- _WHAT YOU ARE ASKED TO DO_: Skip the images and restate every line of the records exactly.
RECORDS FOR THE TASK START
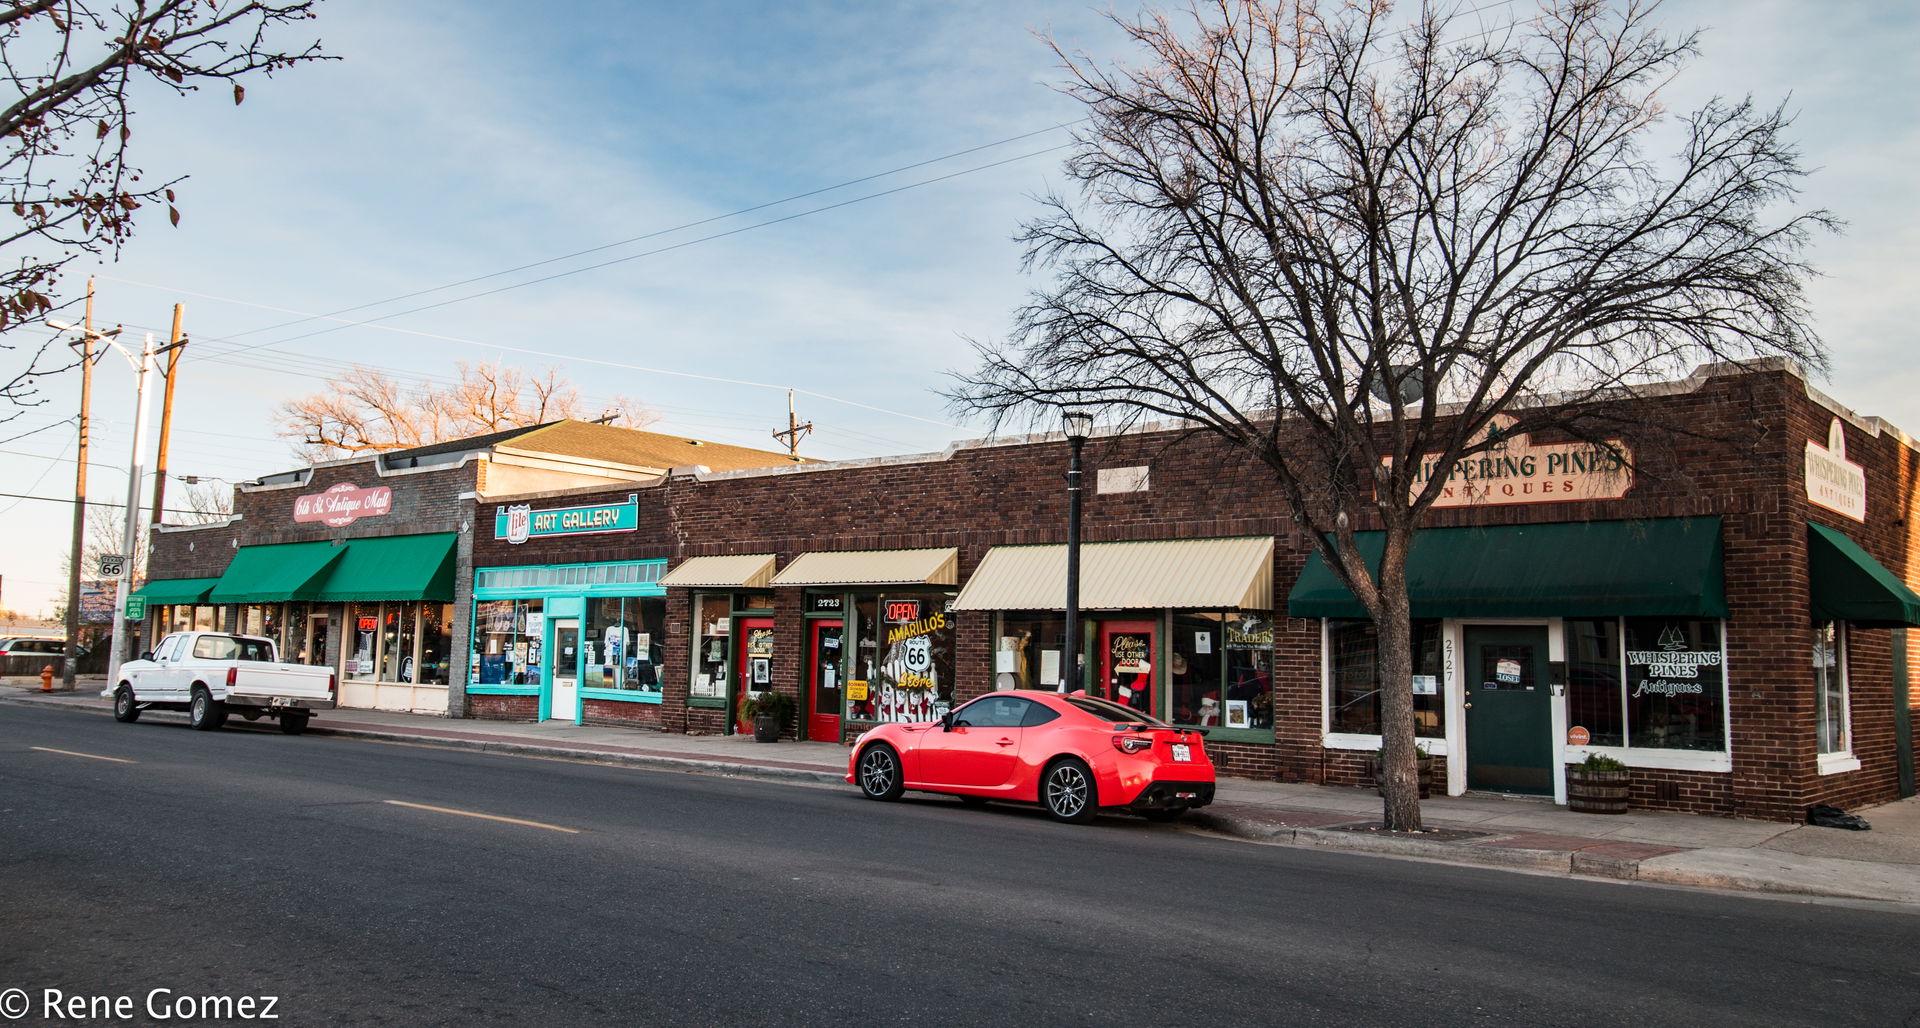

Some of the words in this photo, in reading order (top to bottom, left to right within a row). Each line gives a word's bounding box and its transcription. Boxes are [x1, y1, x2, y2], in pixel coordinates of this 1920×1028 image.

[1384, 454, 1536, 483] IPERING
[1546, 449, 1624, 475] PINES
[1808, 451, 1847, 491] WHISPERING
[1442, 480, 1574, 498] NTIQUES
[296, 498, 310, 516] 6th
[326, 494, 361, 516] Antique
[364, 489, 390, 509] Mall
[511, 512, 527, 537] Lile
[534, 513, 557, 530] ART
[562, 508, 620, 529] GALLERY
[102, 564, 120, 575] 66
[817, 598, 840, 607] 2723
[888, 603, 917, 620] OPEN
[359, 617, 377, 630] OPEN
[887, 612, 945, 645] AMARILLO'S
[1227, 627, 1274, 643] TRADERS
[1111, 635, 1146, 654] Please
[908, 648, 925, 665] 66
[1626, 650, 1721, 666] WHISPERING
[897, 671, 936, 688] Store
[1648, 664, 1699, 678] PINES
[1631, 679, 1703, 698] Antiques
RECORDS FOR THE TASK END
- _RESPONSE TO THE TASK_:
Some of the words in this photo, in reading order (top to bottom, left to right within a row). Each line gives a word's bounding box and its transcription. Boxes are [x1, y1, x2, y2], in pixel coordinates of this 1920×1028 image.

[1384, 454, 1536, 483] IPERING
[1546, 449, 1624, 475] PINES
[1808, 451, 1847, 491] WHISPERING
[1442, 480, 1574, 498] NTIQUES
[296, 498, 310, 516] 6th
[326, 494, 361, 516] Antique
[364, 489, 390, 509] Mall
[511, 512, 527, 537] Lile
[534, 513, 557, 530] ART
[562, 508, 620, 529] GALLERY
[102, 564, 120, 575] 66
[817, 598, 840, 607] 2723
[888, 603, 917, 620] OPEN
[359, 617, 377, 630] OPEN
[887, 612, 945, 645] AMARILLO'S
[1227, 627, 1274, 643] TRADERS
[1111, 635, 1146, 654] Please
[908, 648, 925, 665] 66
[1626, 650, 1721, 666] WHISPERING
[897, 671, 936, 688] Store
[1648, 664, 1699, 678] PINES
[1631, 679, 1703, 698] Antiques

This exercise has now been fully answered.